Going forward, we will be supporting research projects that look across current categories – or sub-divide current categories – to begin to develop a better system. What does this mean for applicants? Clinical trials might study all patients in a mood clinic rather than those meeting strict major depressive disorder criteria.
Studies of biomarkers for “depression” might begin by looking across many disorders with anhedonia or emotional appraisal bias or psychomotor retardation to understand the circuitry underlying these symptoms. What does this mean for patients? We are committed to new and better treatments, but we feel this will only happen by developing a more precise diagnostic system. The best reason to develop RDoC is to seek better outcomes.

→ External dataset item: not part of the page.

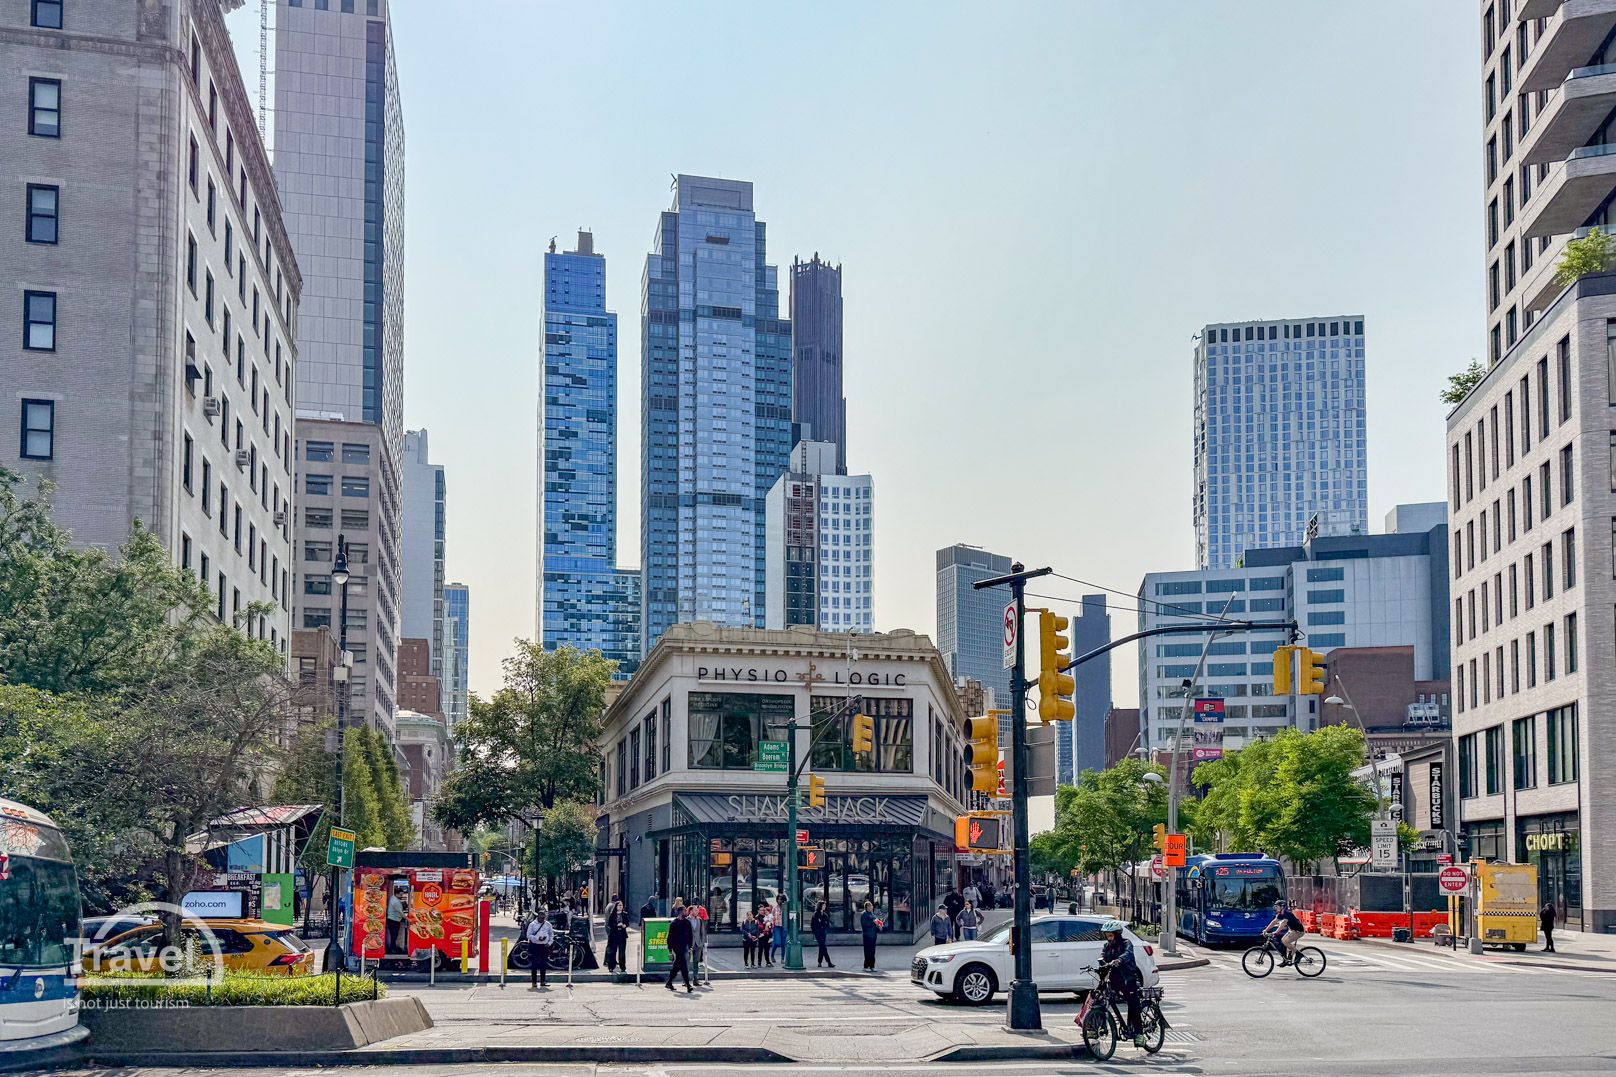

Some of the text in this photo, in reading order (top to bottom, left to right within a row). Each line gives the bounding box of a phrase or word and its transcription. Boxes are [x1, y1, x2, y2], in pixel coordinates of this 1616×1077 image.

RDoC, for now, is a research framework, not a clinical tool. This is a decade-long project that is just beginning. Many NIMH researchers, already stressed by budget cuts and tough competition for research funding, will not welcome this change. Some will see RDoC as an academic exercise divorced from clinical practice. But patients and families should welcome this change as a first step towards "precision medicine,” the movement that has transformed cancer diagnosis and treatment.
RDoC is nothing less than a plan to transform clinical practice by bringing a new generation of research to inform how we diagnose and treat mental disorders. As two eminent psychiatric geneticists recently concluded, “At the end of the 19th century, it was logical to use a simple diagnostic approach that offered reasonable prognostic validity. At the beginning of the 21st century, we must set our sights higher.